▸ **Data listing**
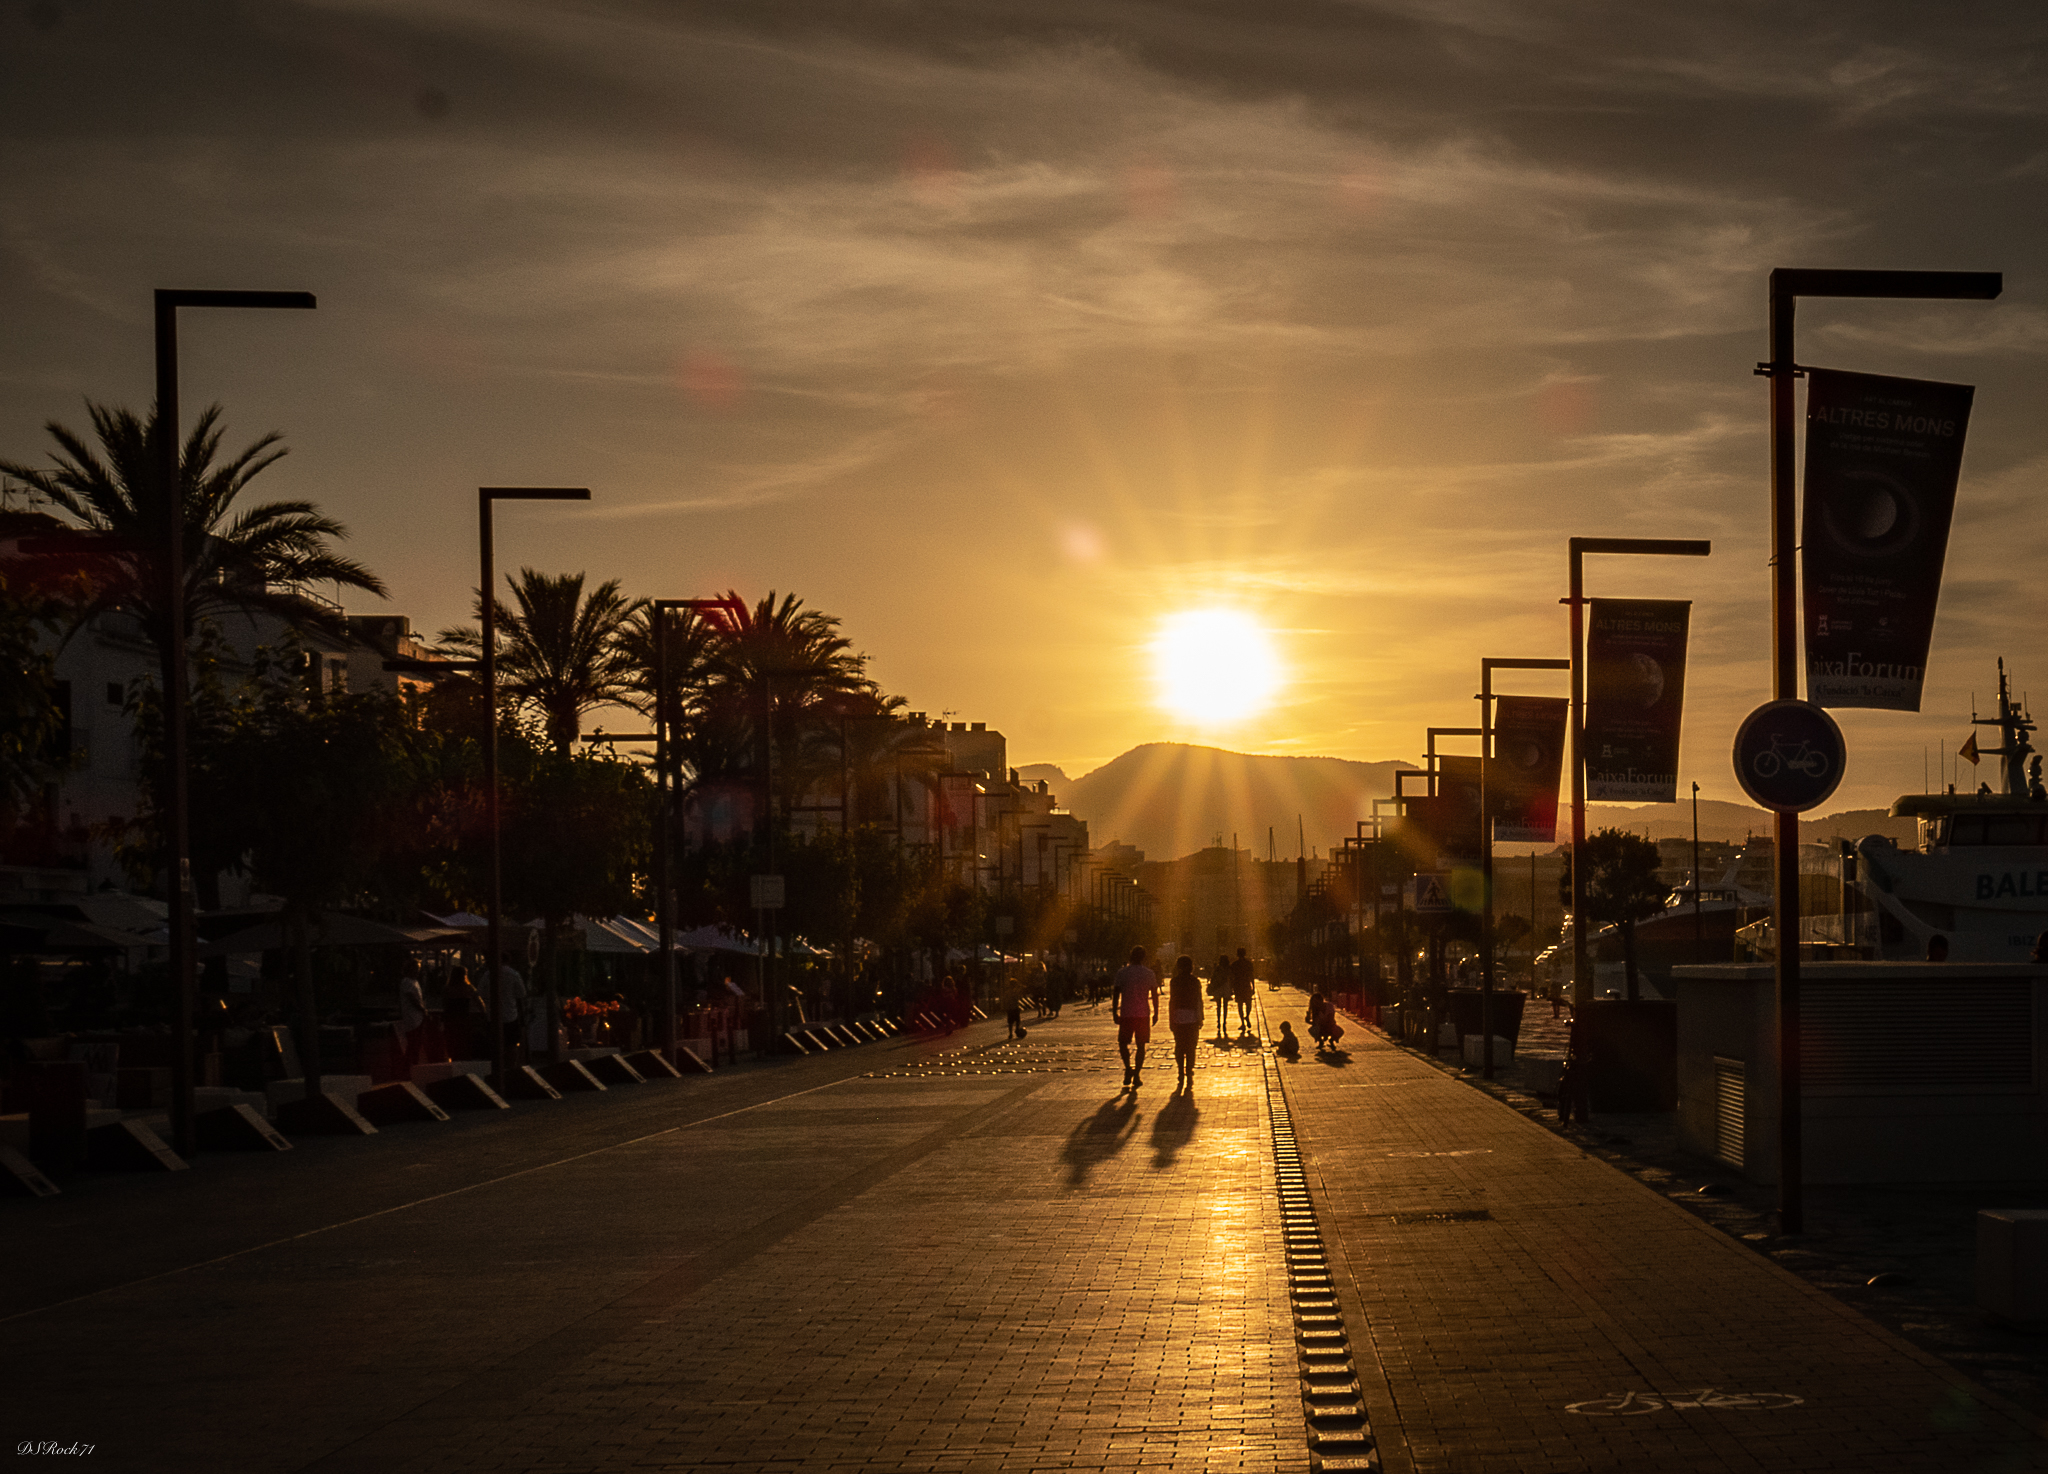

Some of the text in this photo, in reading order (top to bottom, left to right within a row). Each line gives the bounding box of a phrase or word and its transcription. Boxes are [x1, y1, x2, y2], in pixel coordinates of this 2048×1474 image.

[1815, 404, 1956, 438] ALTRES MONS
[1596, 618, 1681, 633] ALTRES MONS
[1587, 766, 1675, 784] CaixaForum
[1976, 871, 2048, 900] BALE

▸ **Task item**
Could you reproduce the records above exactly, leaving out the pictures?

▸ **Final answer**
Some of the text in this photo, in reading order (top to bottom, left to right within a row). Each line gives the bounding box of a phrase or word and its transcription. Boxes are [x1, y1, x2, y2], in pixel coordinates of this 2048×1474 image.

[1815, 404, 1956, 438] ALTRES MONS
[1596, 618, 1681, 633] ALTRES MONS
[1587, 766, 1675, 784] CaixaForum
[1976, 871, 2048, 900] BALE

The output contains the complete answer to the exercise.